隠された間
青白い光は、冷たい川霧みたいに足首を撫でていった。
崩れたゴーレムの広間の奥、回転した壁の裂け目から続く通路は、幅も天井もぎりぎりで、人ひとりが肩をすぼめればようやく通れるほどだ。石肌は滑らかで、古い水脈の跡が筋になっている。松明の火はここでは頼りなく、代わりに壁そのものが淡く光っていた。
「騎士団はここで待機。負傷者の手当てを優先しろ」
レオナルトの命で、鎧の擦れ音が後ろに止まる。
俺たち四人だけが、さらに奥へ踏み込んだ。セラフィナの呼吸はまだ浅い。ミュリエルがすぐ横を歩き、杖先の小さな光で足元を照らす。リリアは矢をつがえず、代わりに指先で壁の継ぎ目や床の段差を確かめながら進んだ。
やがて通路が緩やかに下り、ふいに視界が開けた。
そこは円形の広間だった。天井は高く、黒いドームは星空のように細かな瑕で点々と瞬いている。床には同心円が三重に刻まれ、外縁から中心へ向かって細い溝が走っている。中央には台座、その上に直方体の石碑――いや、“碑”があった。

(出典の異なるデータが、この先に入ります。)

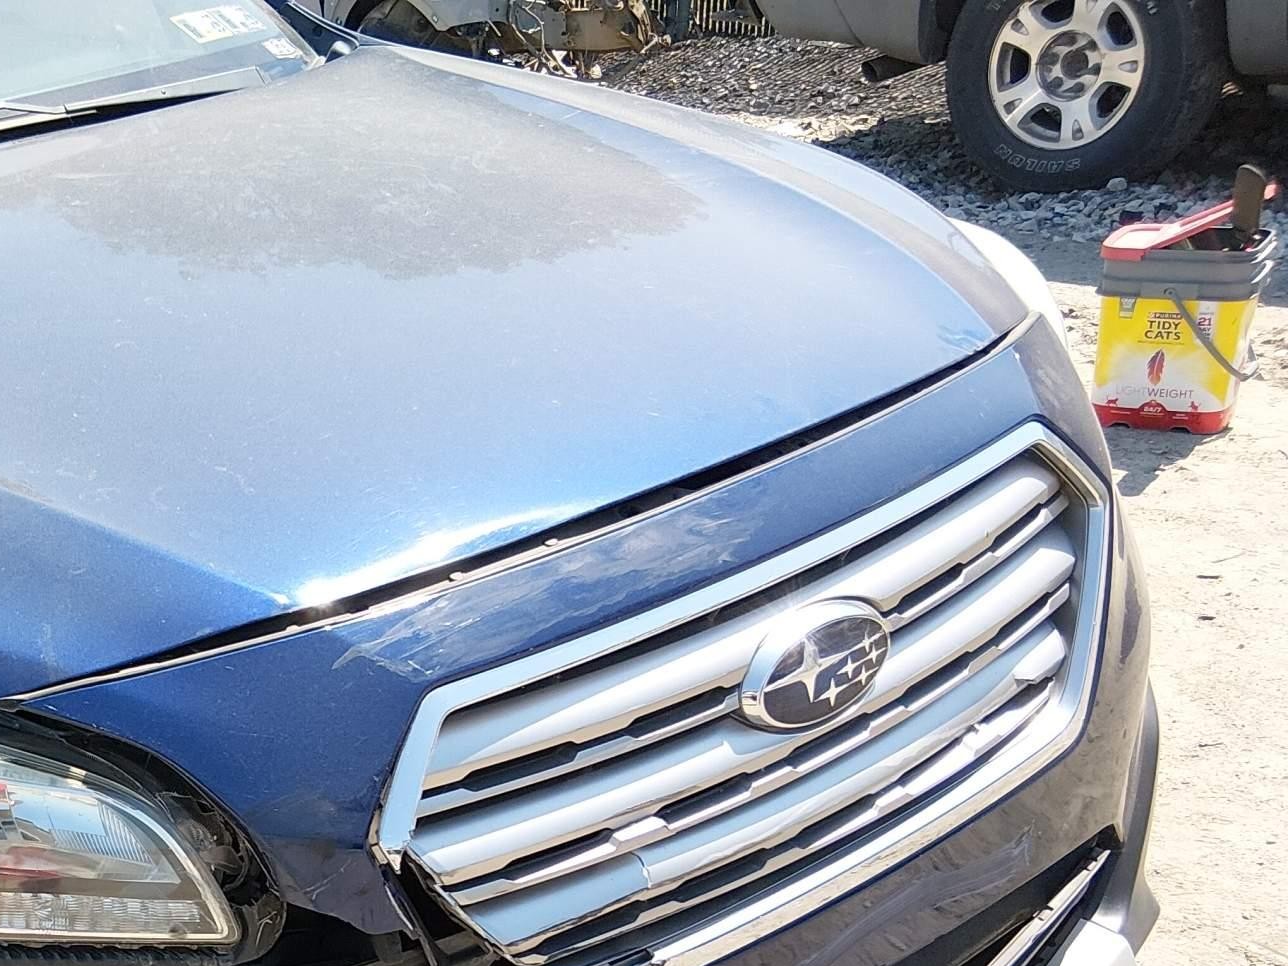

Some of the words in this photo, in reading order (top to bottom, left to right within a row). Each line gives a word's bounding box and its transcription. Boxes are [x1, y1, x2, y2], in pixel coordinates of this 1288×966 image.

[1147, 320, 1181, 331] TIDY
[1198, 317, 1212, 326] 21
[1144, 330, 1181, 341] CATS
[1116, 385, 1194, 399] LIGHTWEIGHT
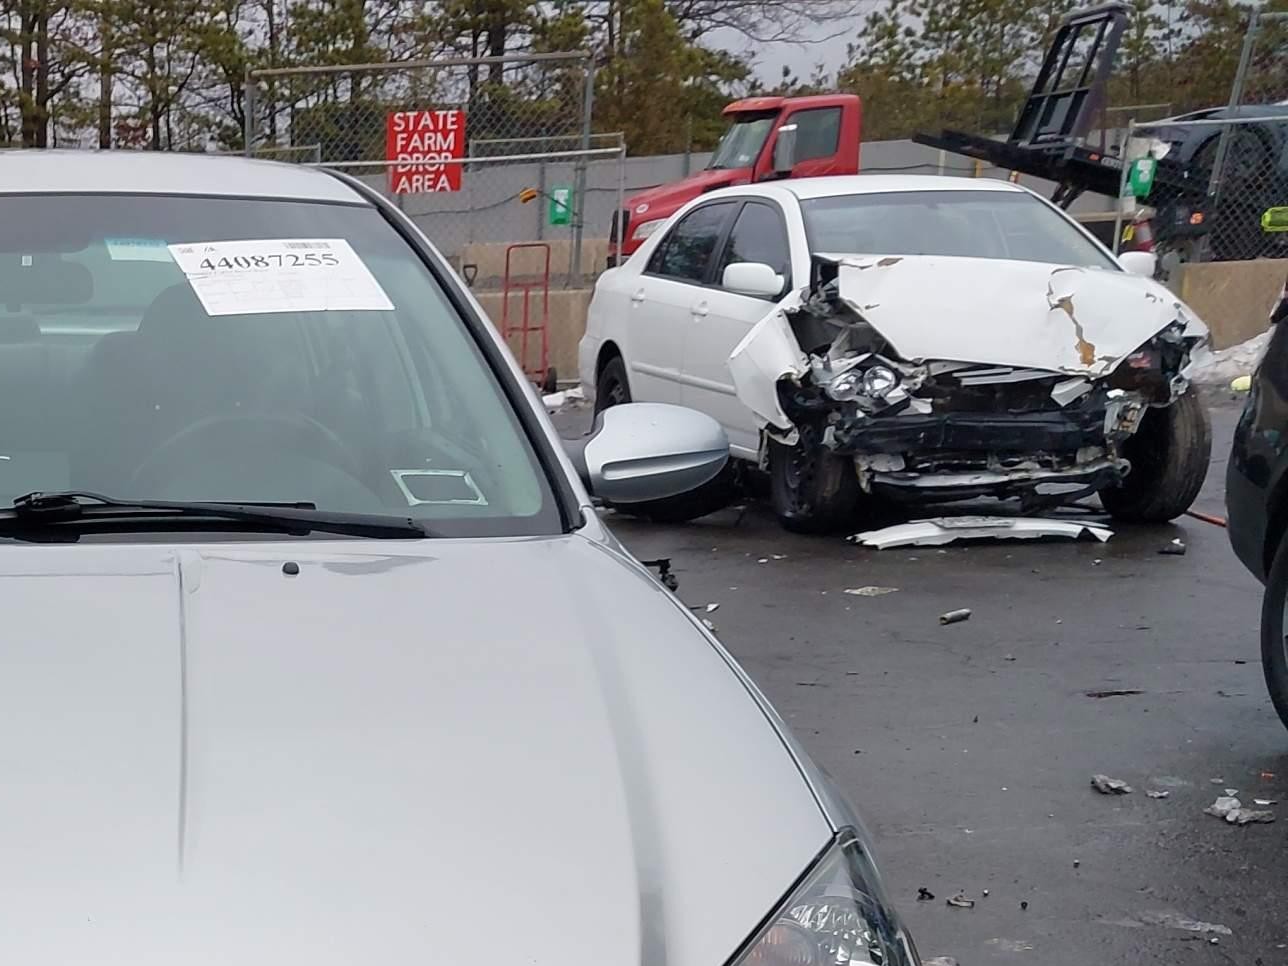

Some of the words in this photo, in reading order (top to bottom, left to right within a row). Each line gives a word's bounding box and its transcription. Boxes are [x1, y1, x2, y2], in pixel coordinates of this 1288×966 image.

[393, 110, 459, 131] STATE
[396, 131, 456, 153] FARM
[397, 152, 453, 172] DROP
[395, 173, 452, 194] AREA
[199, 252, 341, 271] 44087255
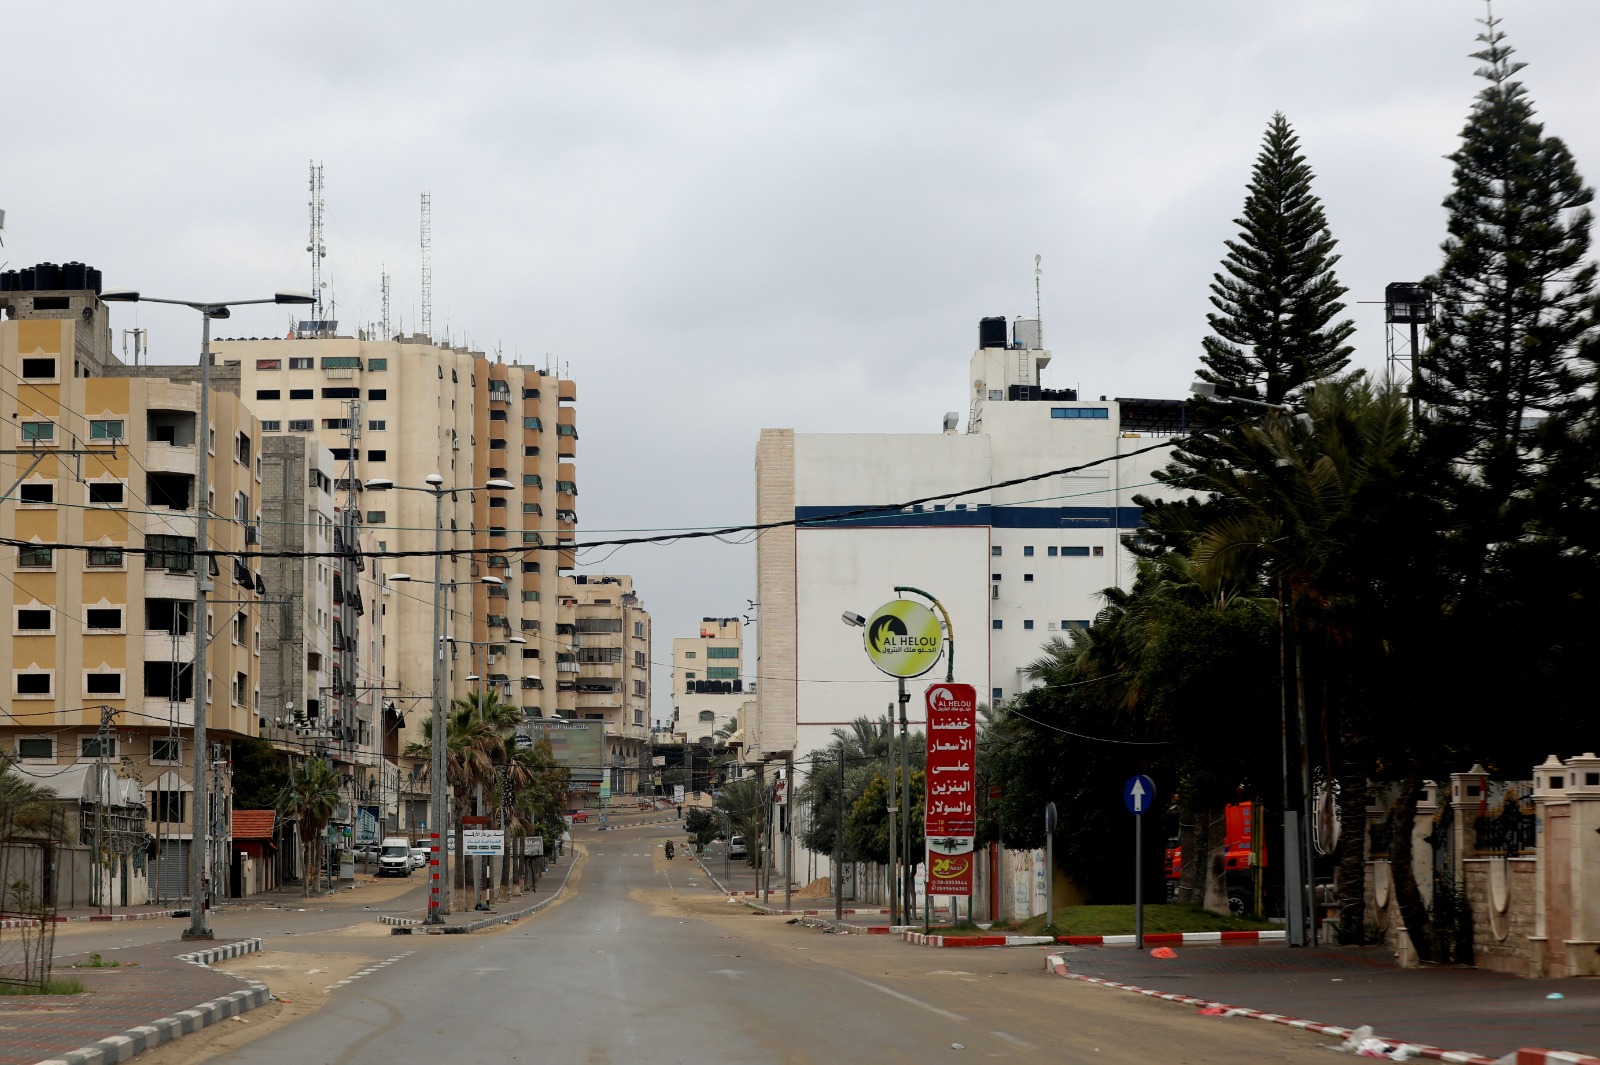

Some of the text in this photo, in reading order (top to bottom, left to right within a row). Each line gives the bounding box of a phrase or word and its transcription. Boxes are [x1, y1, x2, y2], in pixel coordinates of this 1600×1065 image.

[883, 637, 936, 646] AL HELOU
[882, 646, 902, 654] البترول
[918, 646, 936, 654] الحلو
[931, 717, 971, 730] خفضنا
[929, 736, 971, 753] الأسعار
[931, 759, 970, 774] على
[931, 779, 970, 795] البنزين
[929, 800, 971, 815] والسولار
[934, 858, 950, 871] 24
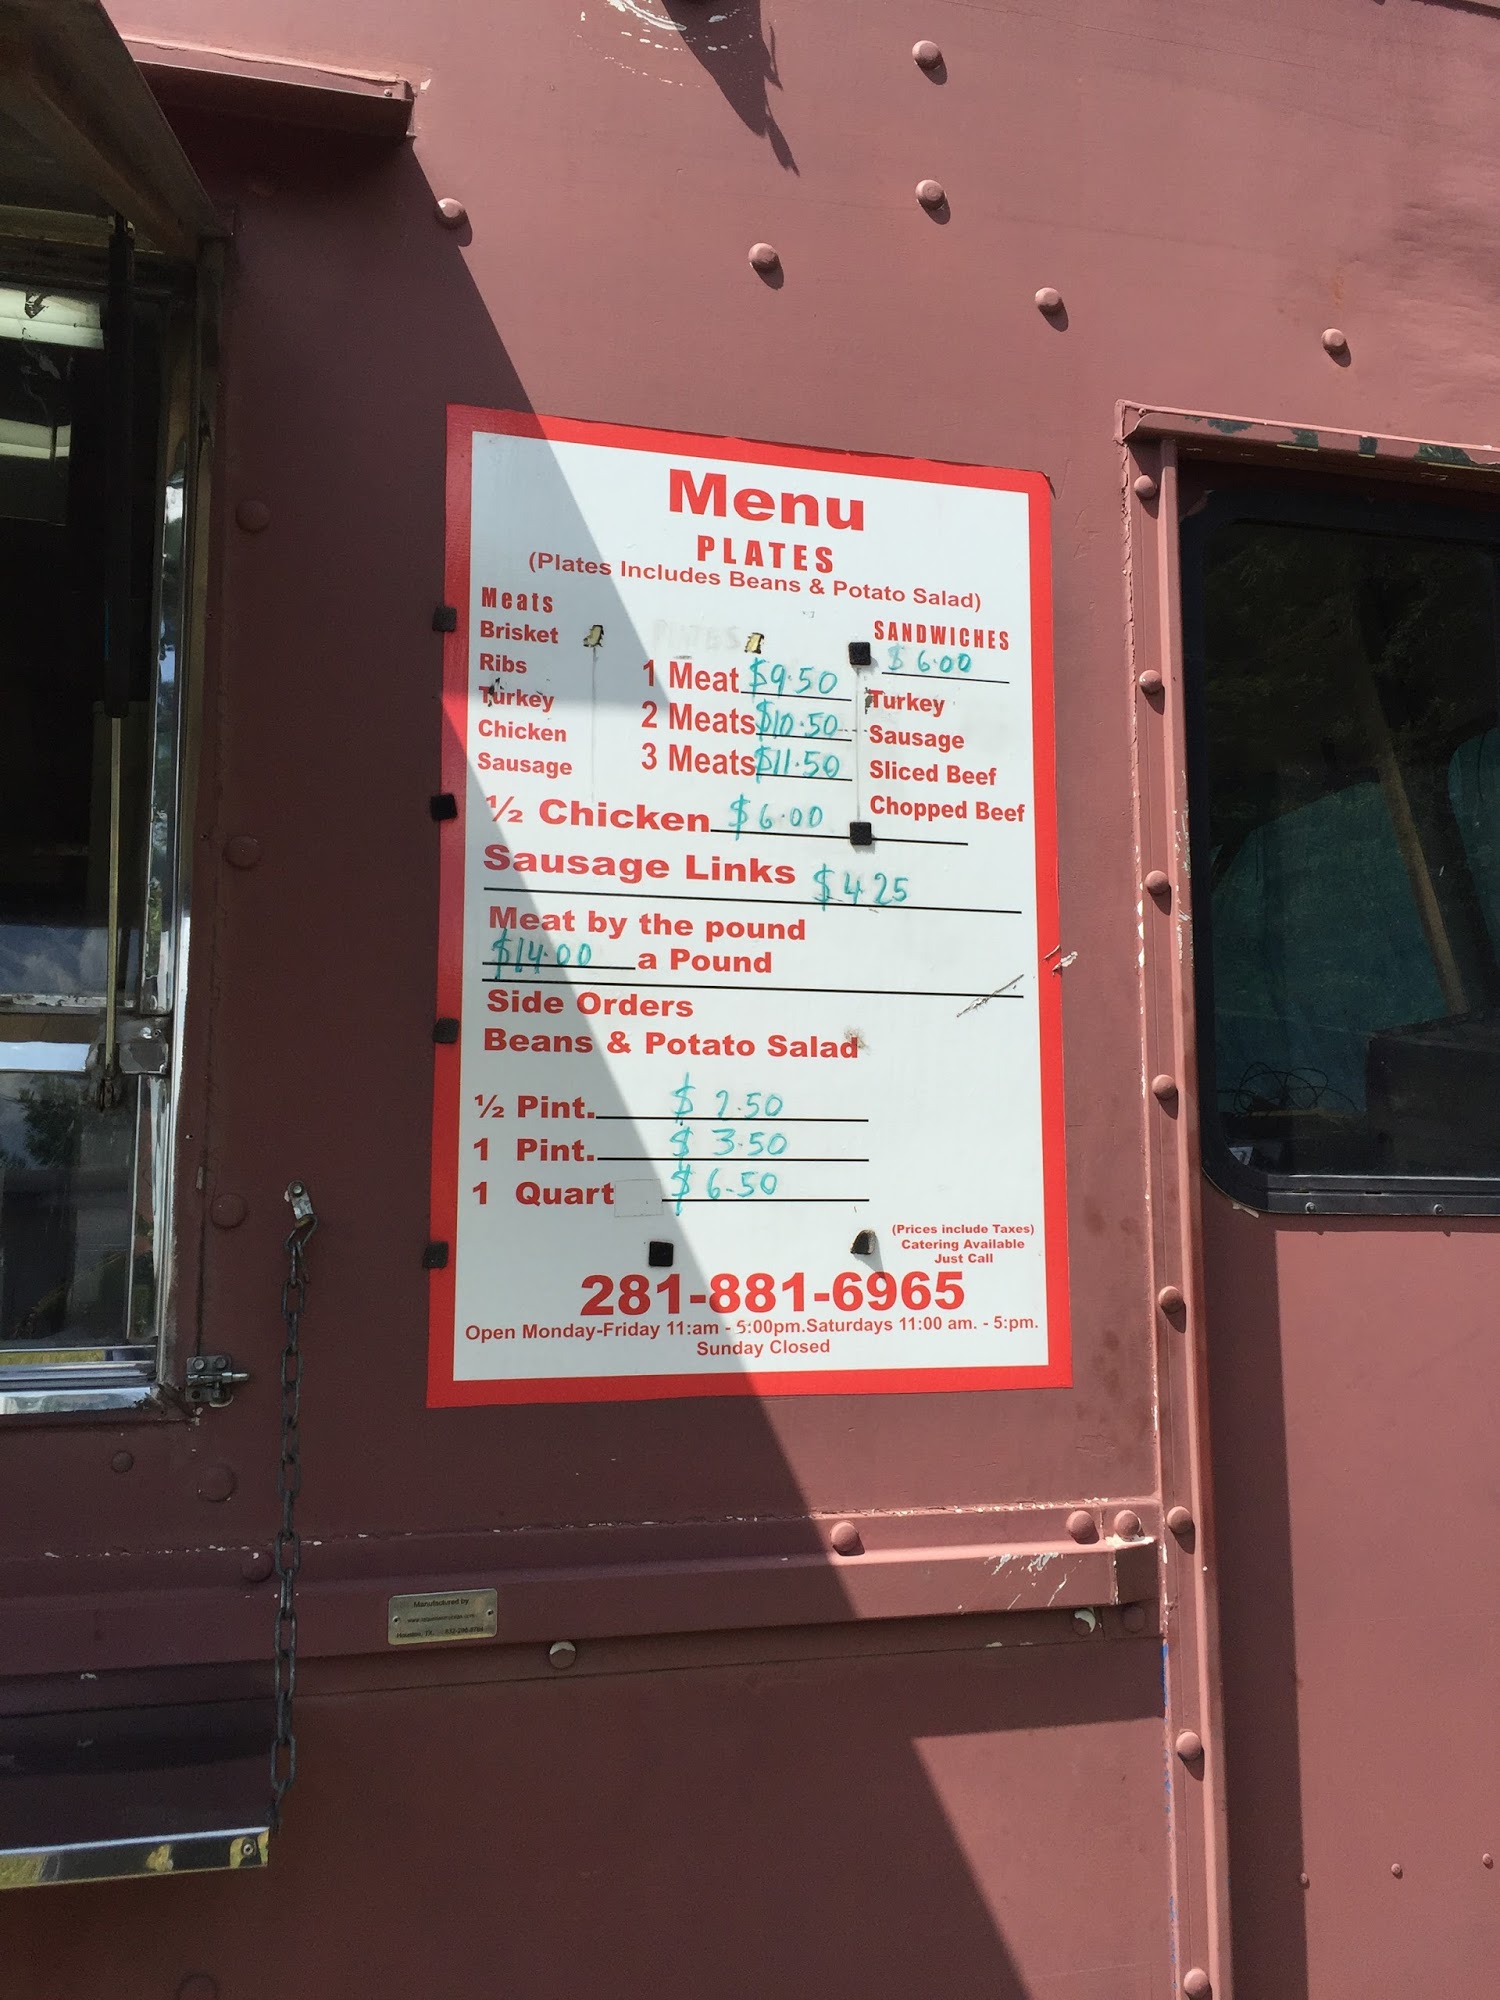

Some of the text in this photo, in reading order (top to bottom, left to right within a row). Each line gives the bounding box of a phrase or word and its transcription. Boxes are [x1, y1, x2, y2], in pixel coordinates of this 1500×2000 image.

碑面いっぱいに古代文字が刻まれている。読めないはずなのに、どこかで見たことのある流れだった。
34話で出会った“碑文の断片”――『名無き者、名を得ん。名ある者、己を捨てん。真なる導きは、孤に非ず』。あの言葉と同じ筆致、同じ癖。
「罠の気配は……ない、と思うけど」
リリアが息を潜める。「中央に出るのは一人がいい。……アレン」
名を呼ばれて、喉がひくついた。
ここに来るまで、ずっと胸の奥で重石が転がっていた。ゴーレムの砕ける音が遠くなっても、消えてくれない重さ。
(勇者かどうかを、見られる)
セラフィナが一歩前に出かけ、俺の袖をそっと引いた。「――行け。支える」
ミュリエルが小さく頷く。「お姉ちゃん、だいじょうぶ。ここまで来れたから、きっと」
俺は頷き、輪の溝をまたいで中心へ出た。
足を置くたびに、床の線が淡く光る。ぴり、と皮膚の下で静電気が走るような感触。碑の前に立つと、ほの温かい風が頬を撫でた。
手を伸ばし、碑面に触れる。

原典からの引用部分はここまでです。